Archive for the 'General News' Category

Feb 18 2010

A New Heart (Series on Philippians)

Filed under General News

I heard recently that while the percentage of people who currently reach the age of 100 is about 5% of the population, nearly 50% of those who are now teenagers will live beyond a hundred years. There’s no doubt that our life span is increasing. We’re all likely to live longer than our parents or grandparents. That then raises the question, “Will our lives be worth living?”
Paul never thought that the prolonging of life was a great advantage. In fact the opposite: he saw death as bringing a far greater reward than anything in this life. Yet at the same time, he saw that Jesus Christ had made this life eminently worth living. There is an amazing sense of joy overflowing through the pages of this letter, even though it’s written from a goal cell as Paul awaits trial and possible execution over false charges brought against him by his opponents. He wants his readers to enjoy life in Christ, despite their external circumstances, to grow in their knowledge of him, and in holiness, and in the fruit of righteousness.

Our focus today is on the new heart that Christ brings into our life.

  • A Heart of confidence
  • A heart of compassion, and
  • A Heart of concern for Christian growth

Let me tell you the story of Alma and Steve. They were a couple from England who had settled in South Africa, in Benoni, in fact. They were not married to each other. Steve had never married and Alma was widowed with 3 boys in their late twenties. Steve and Alma had a daughter of their own – she was 4 years old.

They owned a pet shop specializing in aquarium fish. Alma also grew medicinal herbs on their small holding and operated as a kind of medicine woman in the area.

One day Alma walked into the school hall where we were having a church service. She had a kind of glum look on her face, and smelled of tobacco smoke and human sweat. Her hair was untidy and her clothes needed a good wash.

She didn’t have a clue about church. She didn’t know when to sit and when to stand. She was uncomfortable singing – and we sang a lot, and with gusto. But she listened with deep intent to the sermon. After the service she shot out before anyone could talk to her.

The next week she was back and again she left in a hurry. This carried on for a couple of weeks, then she brought Steve with her and the little girl went to Sunday school. They stayed afterwards and she pounced on me. “Tell me more about this God stuff” she said. We went to her house and after scooting the 7 huge Alsatians off the lounge furniture and gingerly taking my seat amidst the mounds of dog hair and an overpowering doggy smell, we began to talk.

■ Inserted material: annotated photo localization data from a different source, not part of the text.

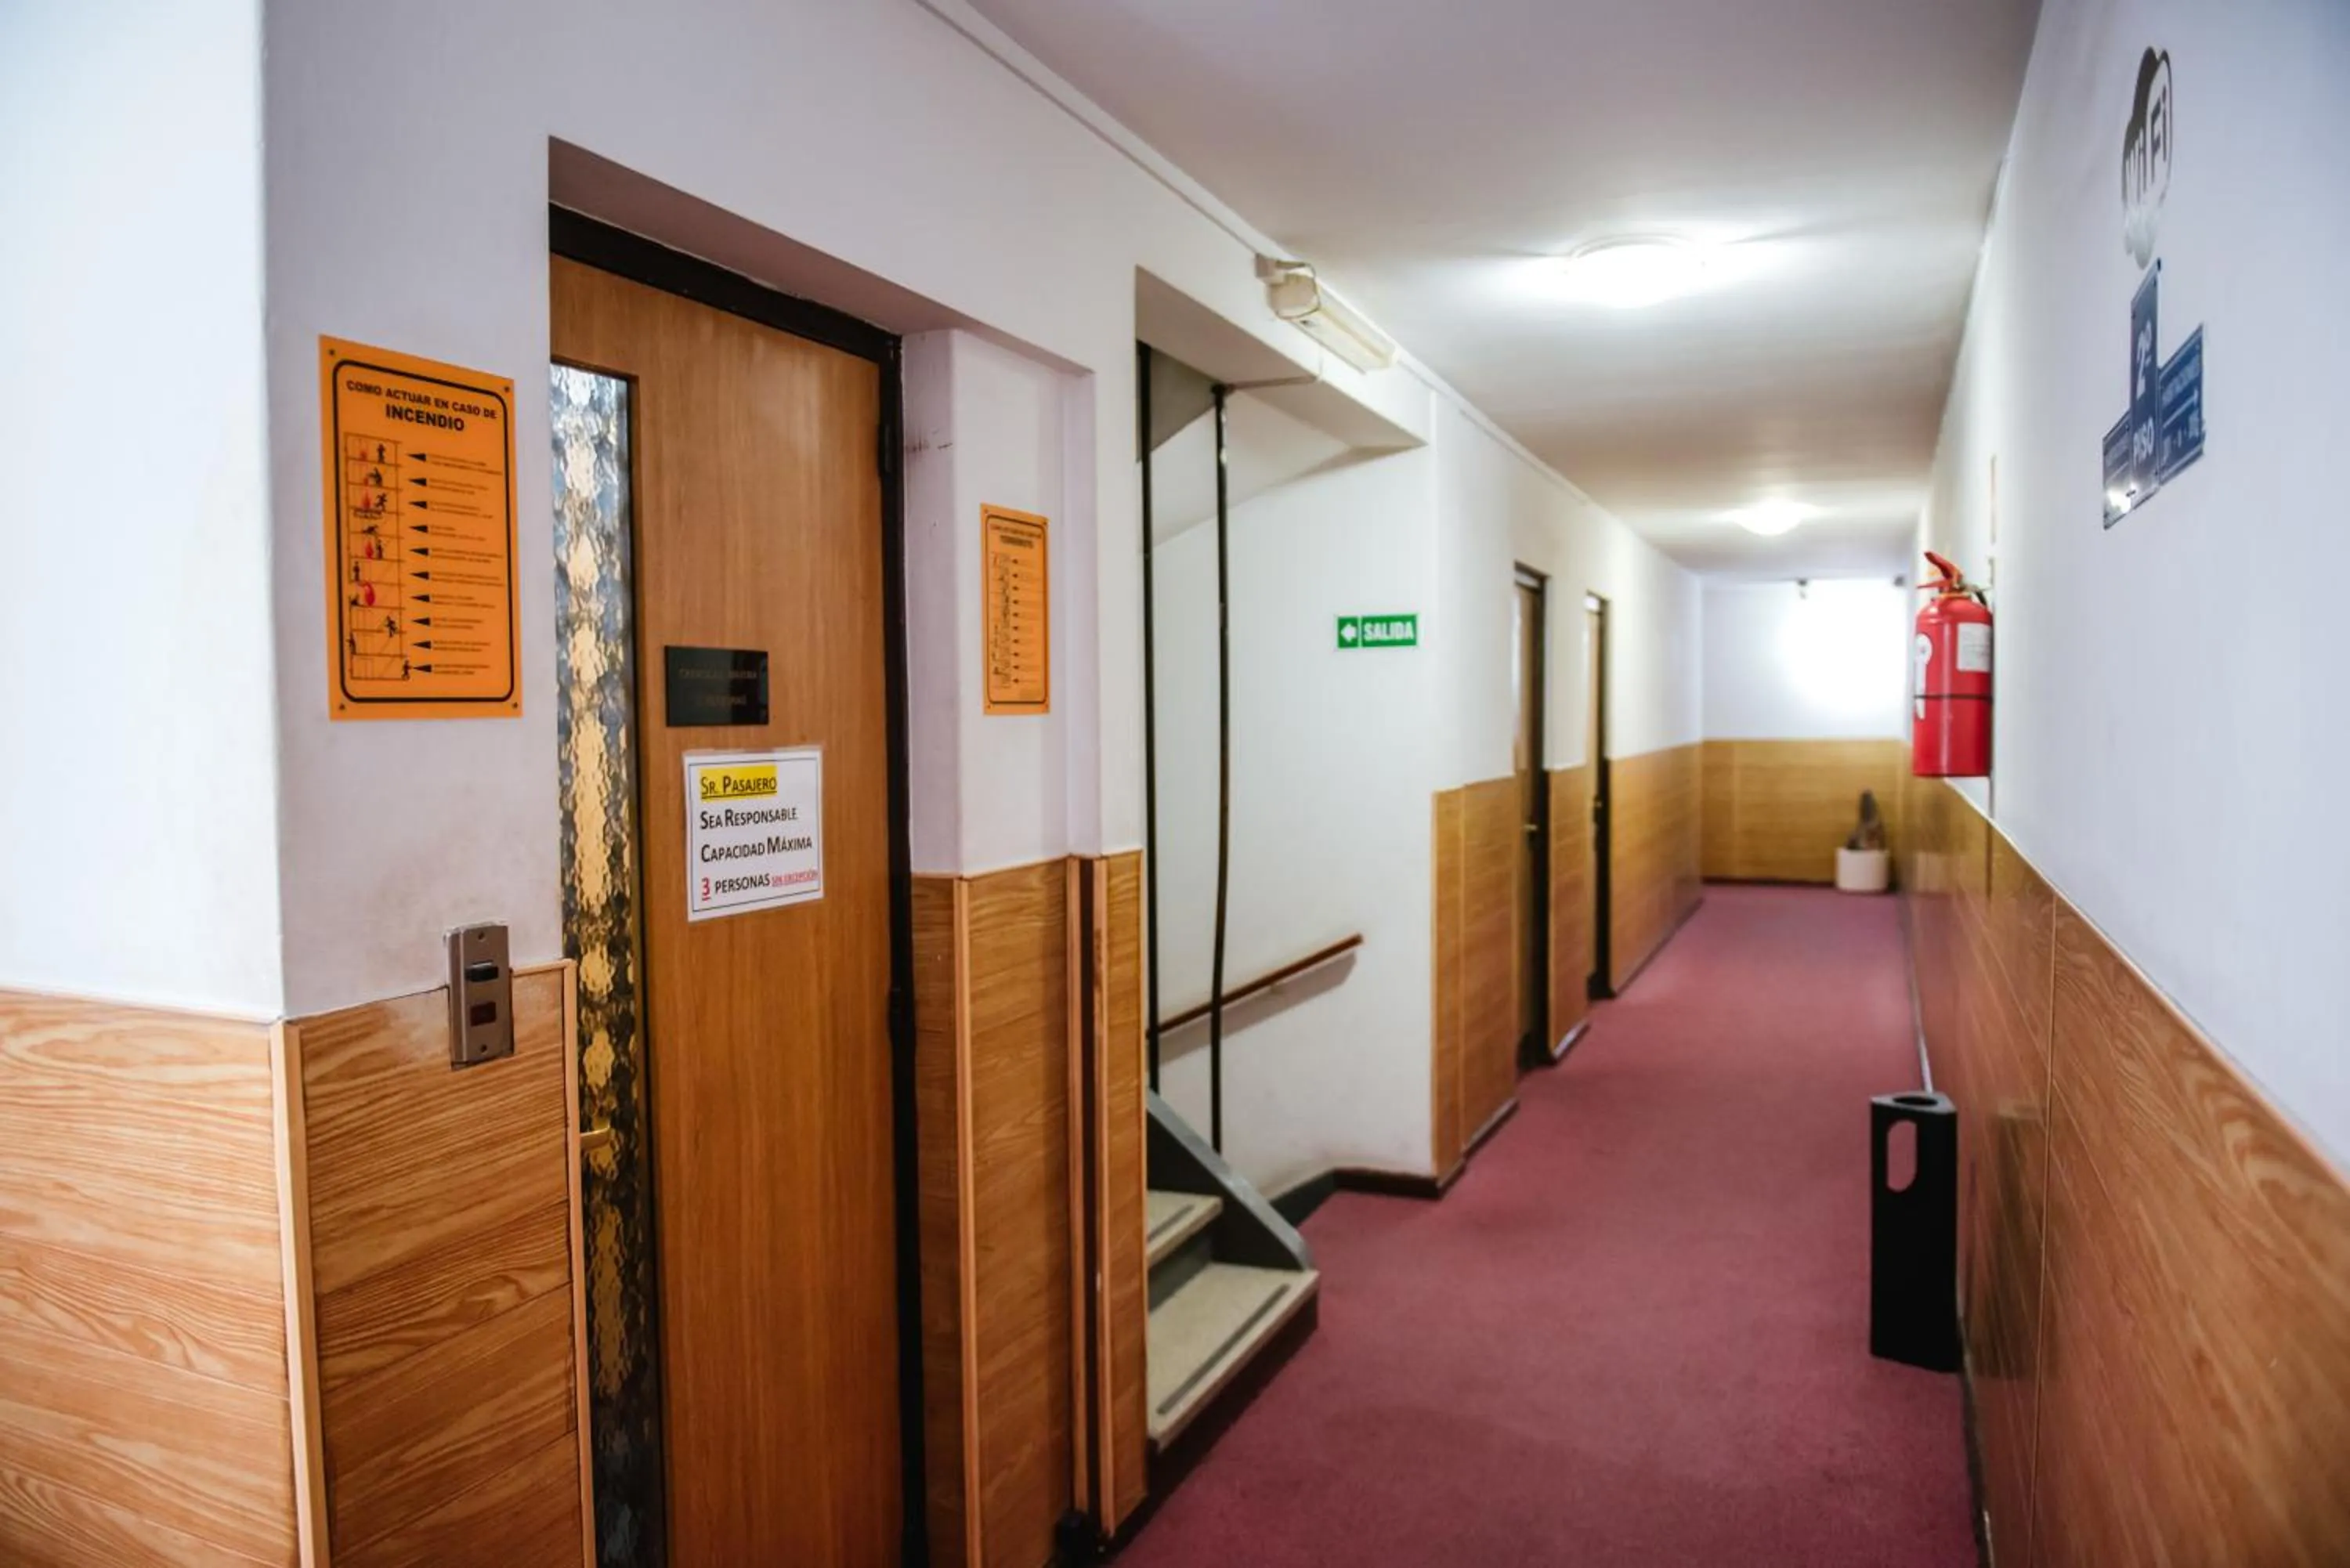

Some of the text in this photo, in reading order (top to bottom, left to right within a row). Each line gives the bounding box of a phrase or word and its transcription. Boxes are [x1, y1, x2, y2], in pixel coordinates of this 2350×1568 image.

[346, 380, 497, 419] COMO ACTUAR EN CASO DE
[386, 403, 465, 432] INCENDIO
[1364, 620, 1415, 641] SALIDA
[722, 775, 778, 794] PASAJERO
[700, 807, 798, 830] SEA RESPONSABLE
[701, 844, 765, 863] CAPACIDAD
[701, 876, 710, 897] 3
[714, 873, 770, 894] PERSONAS

To cut a long story short, their life, like their personal hygiene, garden and house, was in a mess. Everything that could go wrong had gone wrong. They were in huge financial difficulties. Although the house and car was paid off and they had thousands of valuable tropical fish – they had barely enough money from their shop takings to buy dog food, cigarettes and bread – in that order.

I spoke to them about Jesus and the Christian life. They hung onto every word – they had never heard it before.

In the end they gave their lives to Jesus, were baptized in their swimming pool (once it had been cleaned) and were rid of the demons that had come into their life through their involvement in an occultic organisation.

It was the most amazing transformation that I had ever seen. They cleaned themselves up, tidied their garden and house and seemed to have permanent smiles on their faces. And, oh yes, they also got married and little Emma was baptized.

It was an extraordinary display of God’s power. We can have A Heart of confidence in the power of God to change lives.

In Paul’s letter to the Philippians he greets the church in the customary way and tells them of his thankfulness to God for their life as Christians. He says: “I thank my God every time I remember you, constantly praying with joy in every one of my prayers for all of you, because of your sharing in the gospel from the first day until now.”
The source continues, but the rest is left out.